Phumelele Bhengu

Personal information
- Full name: Phumelele Ace Bhengu
- Date of birth: 19 November 1989 (age 36)
- Place of birth: Natal, South Africa
- Positions: Winger; centre forward;

Team information
- Current team: Tshakhuma Madzivhandila

Youth career
- 2003–2008: Moroka Swallows

Senior career*
- Years: Team / Apps / (Gls)
- 2008–2011: Moroka Swallows / 12 / (2)
- 2011–2013: Mpumalanga Black Aces
- 2011: → Bay United (loan)
- 2013: Chippa United / 1 / (0)
- 2013–2015: Thanda Royal Zulu / 46 / (26)
- 2015–2016: SuperSport United / 4 / (0)
- 2016–2017: Royal Eagles / 15 / (1)
- 2017–2018: Real Kings / 20 / (5)
- 2018–: Tshakhuma Madzivhandila / 15 / (11)

International career^{‡}
- 2009: South Africa U20 / 4 / (0)
- 2015–: South Africa / 3 / (0)

= Phumelele Bhengu =

South African footballer (born 1989)

Phumelele Ace Bhengu (born 19 November 1989) is a South African footballer who plays as a winger or centre forward for Tshakhuma Madzivhandila.

==Club career==

===Moroka Swallows===
Five years after joining Moroka Swallows' youth academy at the age of 14, in 2008 Bhengu started playing senior football in the Premier Soccer League. After scoring a brace against Kaizer Chiefs Bhengu was praised and compared to Benni McCarthy.

===Bay United===
In January 2011, Bhengu joined Bay United on a 6-month loan deal.
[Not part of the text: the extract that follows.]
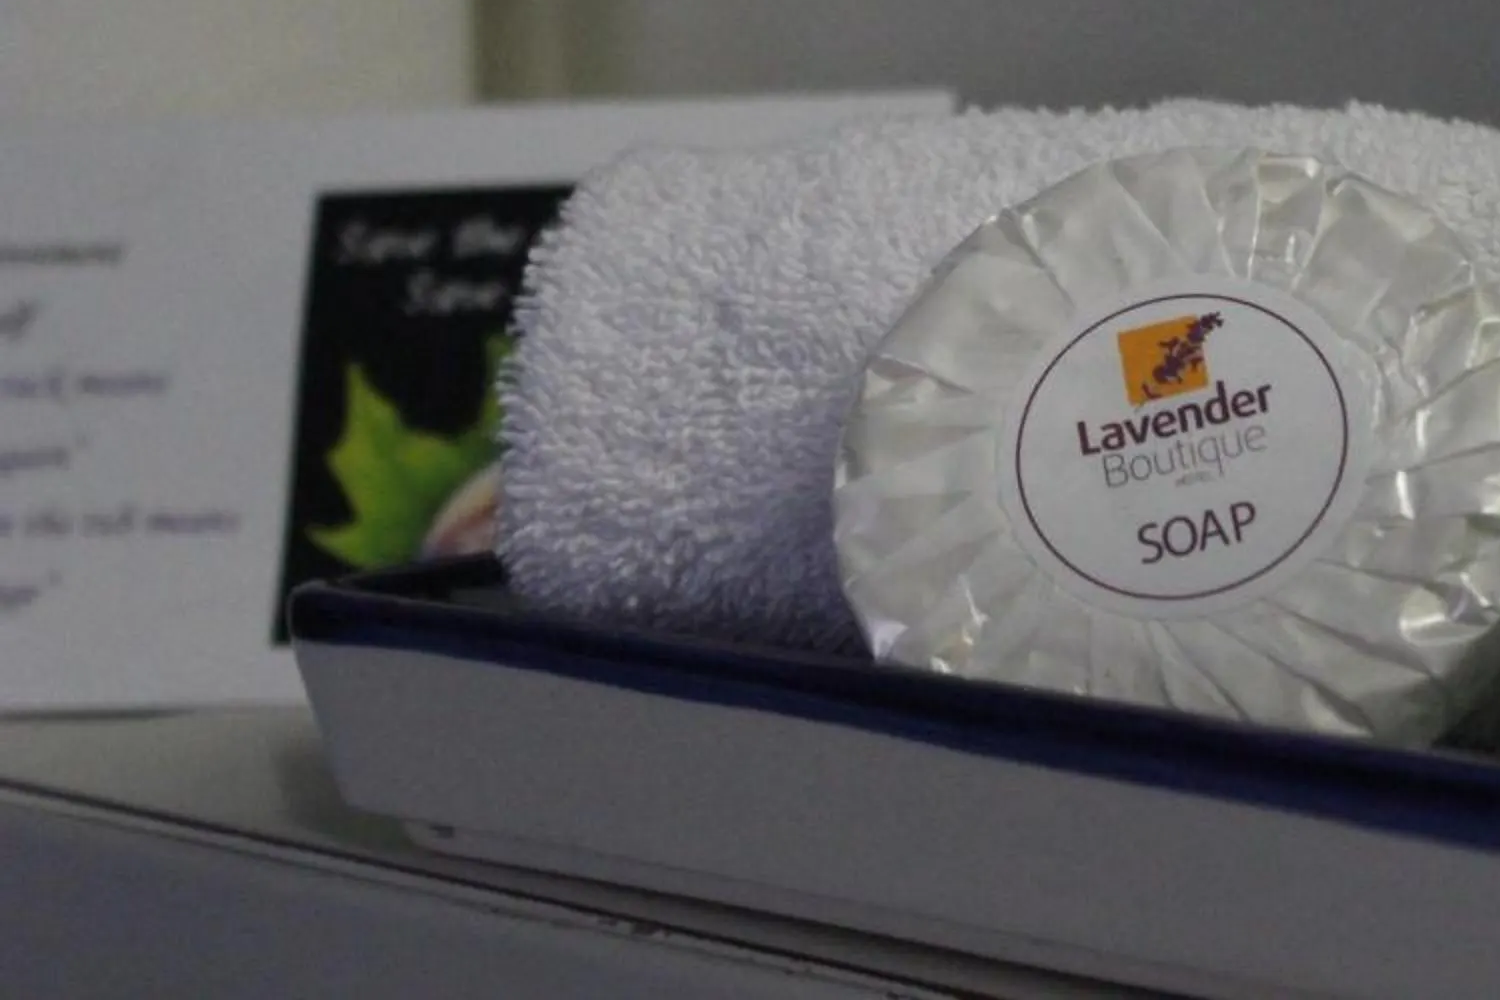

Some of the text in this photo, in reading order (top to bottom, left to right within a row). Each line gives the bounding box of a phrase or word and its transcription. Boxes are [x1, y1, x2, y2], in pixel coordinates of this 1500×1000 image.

At Bay United, Bhengu reverted to playing as a striker.

===Chippa United===
In January 2013, Bhengu joined Chippa United on a two-and-a-half-year deal, but was released two weeks later with Chippa United citing a lack of match fitness as the reason.

===Thanda Royal Zulu===
In the second half of 2013, Bhengu joined Thanda Royal Zulu and started reviving his career.
Bhengu finished the 2014–15 season as the top-scorer, scoring 22 goals and setting a new National First Division record.

===SuperSport United===
After winning the National First Division's golden boot award, Bhengu turned down offers from Kaizer Chiefs and Mamelodi Sundowns to join SuperSport United.
Bhengu's first season with SuperSport United was not successful, managing only four substitute appearances, prompting him to request a loan move to gain game-time.